In any case, since pickle/cPickle have worked this way forever, and the
only known bad consequence to date is accidental sporadic test failures
in pickletools.py, the underlying pickle/cPickle issue shouldn't be a
release blocker regardless.
msg73165 - (view) Author: Tim Peters (tim.peters) * (Python committer) Date: 2008-09-13 04:14
BTW, note that the Title of this issue is misleading: 
pickle.whichmodule() uses object identity ("is":

    if ...  getattr(module, funcname, None) is func:

) to determine whether the given function object is supplied by a
module, so it's /not/ the case that a "wrong" function can be pickled. 
The worst that can happen is that the correct function is pickled but
obtained from a possibly surprising module.  For example, random.random
can't be confused with any other function named "random".

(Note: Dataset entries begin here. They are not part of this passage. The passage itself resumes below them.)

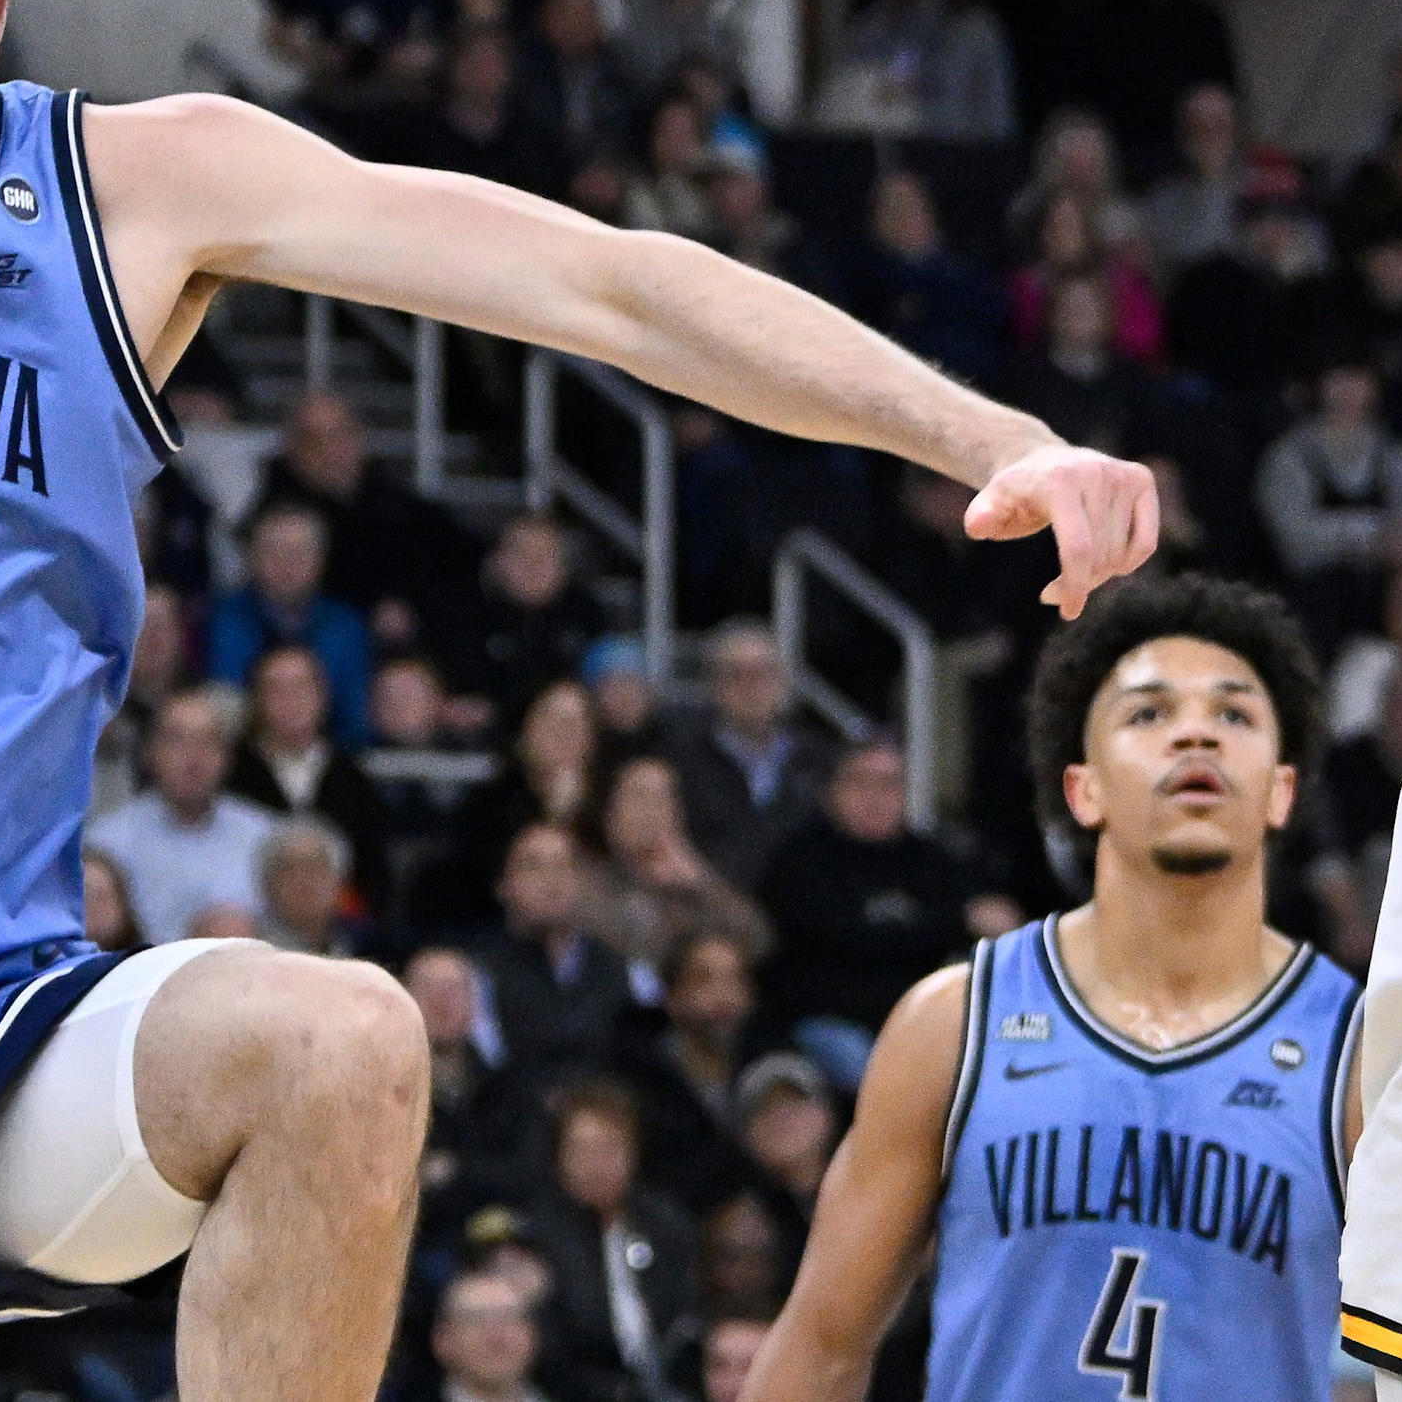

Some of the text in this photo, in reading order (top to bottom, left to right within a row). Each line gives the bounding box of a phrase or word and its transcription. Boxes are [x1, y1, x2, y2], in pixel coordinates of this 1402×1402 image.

[2, 185, 35, 213] GHR
[984, 1124, 1292, 1276] VILLANOVA
[1077, 1245, 1166, 1402] 4
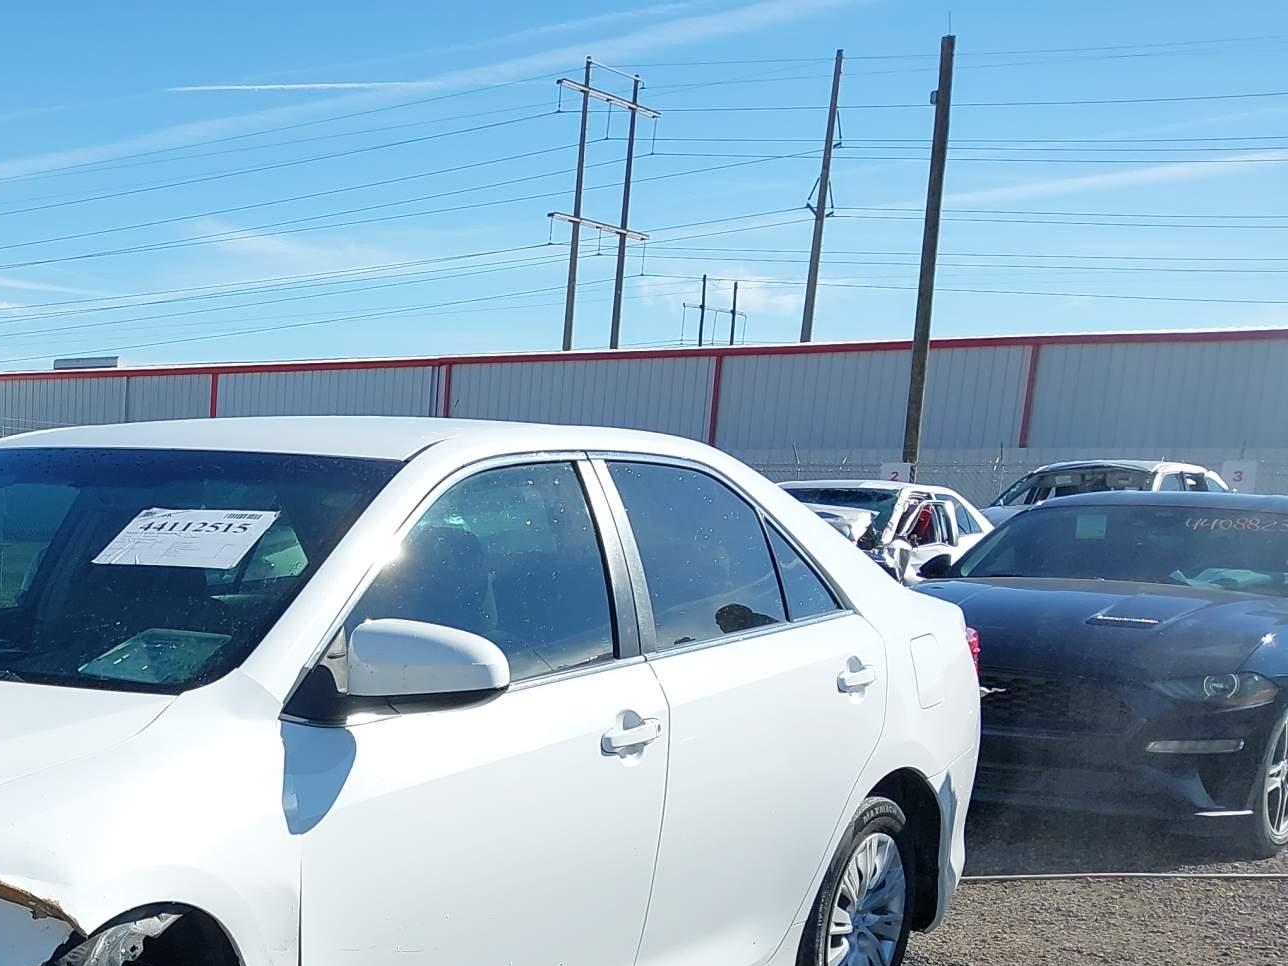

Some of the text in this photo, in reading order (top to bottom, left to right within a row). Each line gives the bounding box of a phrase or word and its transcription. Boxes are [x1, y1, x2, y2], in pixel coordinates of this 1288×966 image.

[889, 471, 900, 481] 2
[1233, 470, 1244, 482] 3
[139, 521, 253, 534] 44112515
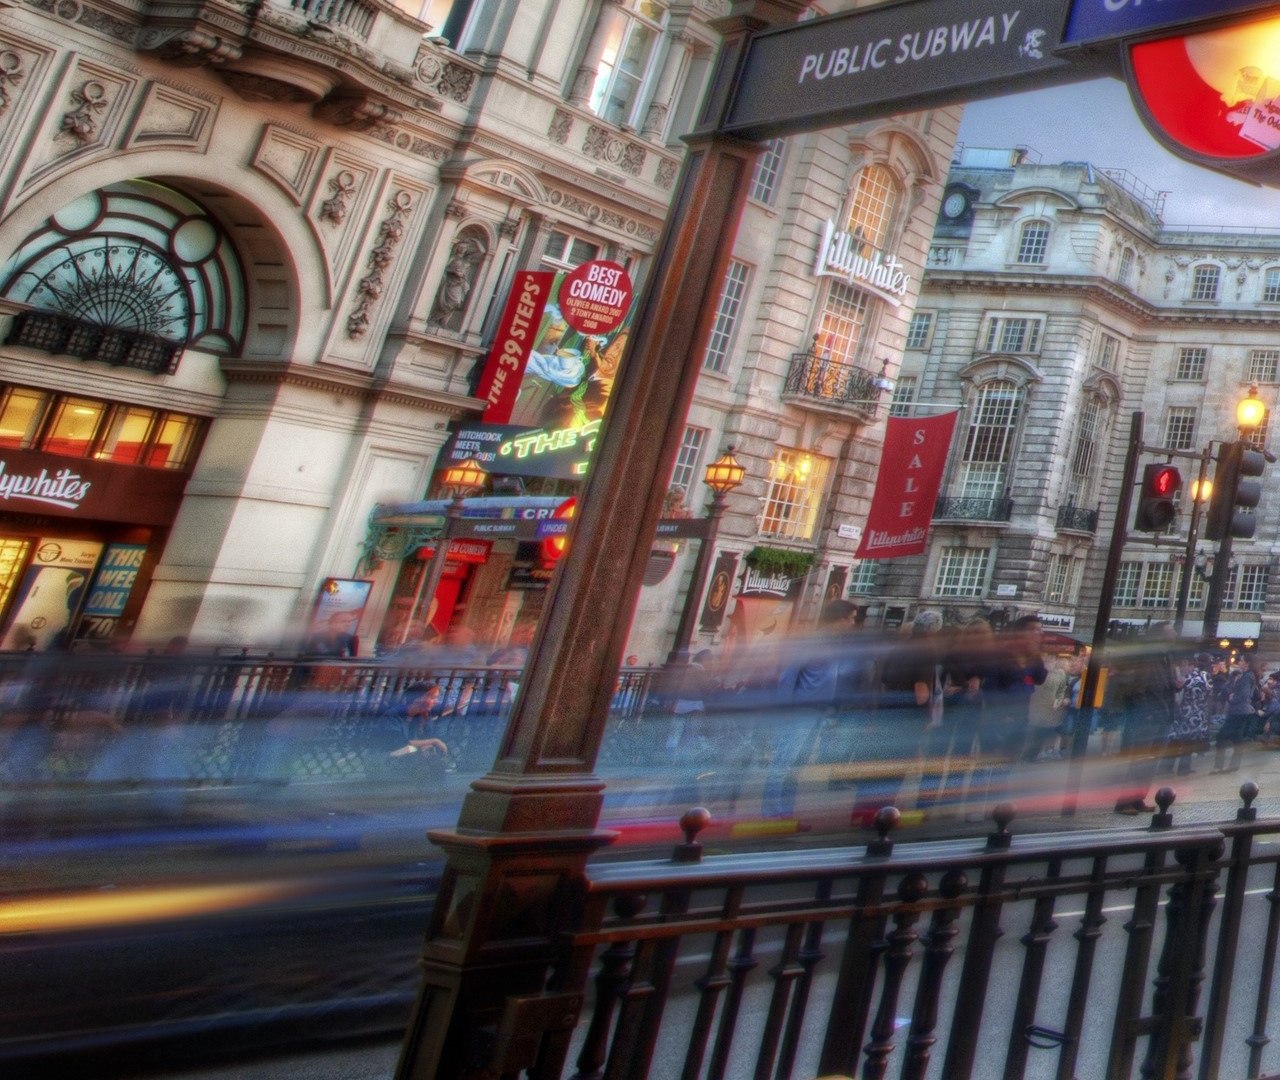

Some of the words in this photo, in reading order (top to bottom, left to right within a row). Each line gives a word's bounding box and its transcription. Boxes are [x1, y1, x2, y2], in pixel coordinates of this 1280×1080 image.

[799, 39, 892, 84] PUBLIC
[894, 11, 1020, 64] SUBWAY
[1253, 108, 1267, 124] The
[814, 218, 911, 296] Lillywhites
[587, 264, 623, 287] BEST
[570, 280, 627, 308] COMEDY
[566, 297, 590, 311] OLIVIER
[589, 302, 609, 315] AWARD
[576, 308, 591, 320] TONY
[591, 312, 613, 324] AWARDS
[499, 340, 523, 371] 39
[455, 441, 481, 452] MEETS
[459, 430, 503, 442] HITCHCOCK
[452, 450, 495, 462] HILAOUS!
[899, 429, 926, 518] SALE
[866, 527, 926, 549] Lillywhites
[743, 567, 792, 594] Lillywhites
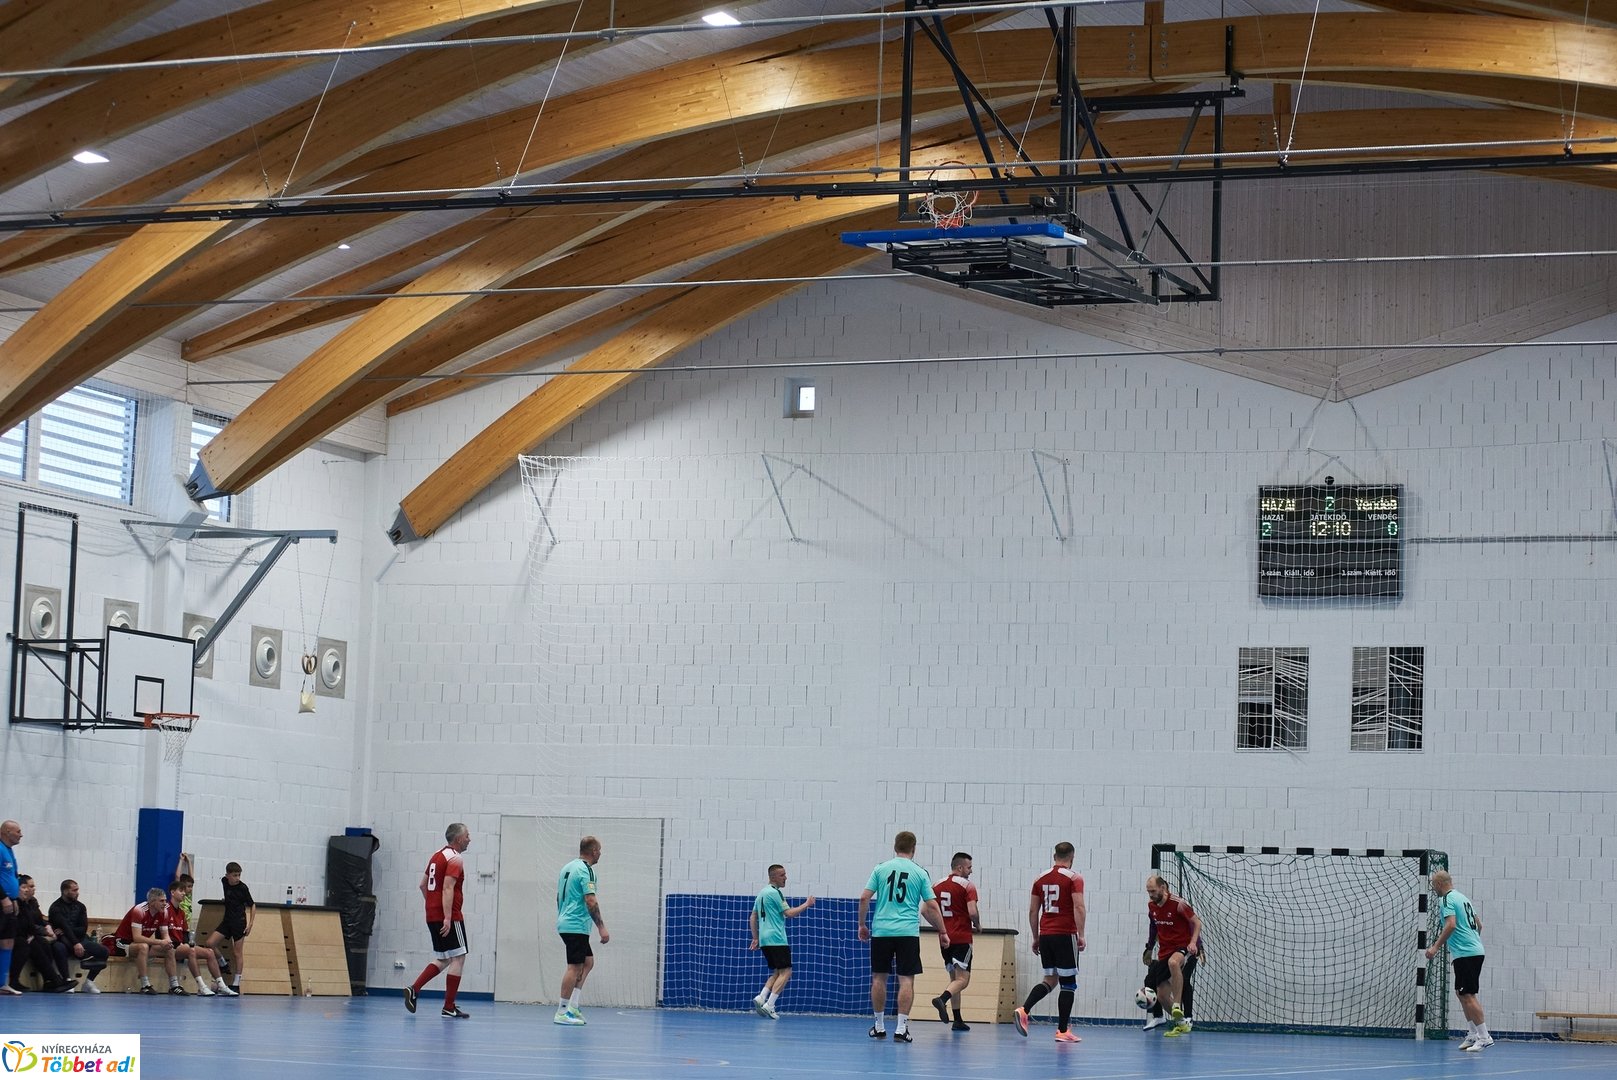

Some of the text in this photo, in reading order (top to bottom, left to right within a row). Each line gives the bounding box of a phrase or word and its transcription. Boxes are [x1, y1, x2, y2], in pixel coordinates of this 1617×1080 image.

[1261, 498, 1295, 511] HAZAI
[1325, 496, 1334, 511] 2
[1310, 511, 1347, 521] JÁTÉKIDŐ
[1367, 511, 1398, 521] VENDÉG
[1262, 522, 1272, 536] 2
[1309, 521, 1351, 536] 12:10
[1388, 521, 1398, 536] 0
[428, 862, 437, 892] 8
[886, 869, 910, 904] 15
[940, 891, 954, 918] 2
[1042, 884, 1060, 913] 12
[760, 895, 766, 922] 4

I expect this is why nobody has ever complained about it:  unless you're
looking at the strings embedded in the pickle GLOBAL opcode, it's
unlikely to have a visible consequence.

It would still be nice if pickle could identify "the most natural"
module for a given function, but hard to make a case that doing so would
be much more than /just/ "nice".
msg73174 - (view) Author: Antoine Pitrou (pitrou) * (Python committer) Date: 2008-09-13 10:59
> I expect this is why nobody has ever complained about it:  unless you're
> looking at the strings embedded in the pickle GLOBAL opcode, it's
> unlikely to have a visible consequence.

Well, it may have a consequence if pickle picks the "random" function
from a third-party module named "foobar", and you give the pickle to a
friend and expect it to work for him while he hasn't installed module
"foobar".
msg80479 - (view) Author: Mark Dickinson (mark.dickinson) * (Python committer) Date: 2009-01-24 21:13
I just committed Tim's suggested change in r68906.  This seemed a no-
brainer, regardless of what should be done about pickle.whichmodule.  One 
fewer sporadic buildbot failure sounds like a good thing to me.

(I hadn't noticed the pickletools failures until just after I committed a 
pickle module change, so I was rather thrown until Antoine directed me 
here...)
msg105539 - (view) Author: Terry J. Reedy (terry.reedy) * (Python committer) Date: 2010-05-11 20:45
'works for me' contradicts 'open', so I unset that
msg110461 - (view) Author: Alexander Belopolsky (belopolsky) * (Python committer) Date: 2010-07-16 16:08
Revision 68903 was merged in py3k in r68908.  It looks like a similar issue shows up in test_random:

======================================================================
ERROR: test_pickling (test.test_random.MersenneTwister_TestBasicOps)
----------------------------------------------------------------------
Traceback (most recent call last):
  File "/home/buildbot/slave/py-build/3.1.norwitz-amd64/build/Lib/test/test_random.py", line 107, in test_pickling
    state = pickle.dumps(self.gen)
  File "/home/buildbot/slave/py-build/3.1.norwitz-amd64/build/Lib/pickle.py", line 1358, in dumps
    Pickler(f, protocol, fix_imports=fix_imports).dump(obj)
_pickle.PicklingError: Can't pickle <class 'random.Random'>: it's not the same object as random.Random

See http://www.python.org/dev/buildbot/all/builders/amd64%20gentoo%203.1/builds/819/steps/test/logs/stdio
msg110462 - (view) Author: Antoine Pitrou (pitrou) * (Python committer) Date: 2010-07-16 16:24
> Revision 68903 was merged in py3k in r68908.  It looks like a similar issue shows up in test_random:
> 
> ======================================================================
> ERROR: test_pickling (test.test_random.MersenneTwister_TestBasicOps)
> ----------------------------------------------------------------------
> Traceback (most recent call last):
>   File "/home/buildbot/slave/py-build/3.1.norwitz-amd64/build/Lib/test/test_random.py", line 107, in test_pickling
>     state = pickle.dumps(self.gen)
>   File "/home/buildbot/slave/py-build/3.1.norwitz-amd64/build/Lib/pickle.py", line 1358, in dumps
>     Pickler(f, protocol, fix_imports=fix_imports).dump(obj)
> _pickle.PicklingError: Can't pickle <class 'random.Random'>: it's not the same object as random.Random

Actually, this might have to do with the fix I committed to
test_threaded_import in r82885.
In order for test_threaded_import to work, we have to unload the "Guinea
pig" module before importing it from several threads at once. For
whatever reason, test_threaded_import uses random as its Guinea pig
module, which means random gets unloaded and reimported again.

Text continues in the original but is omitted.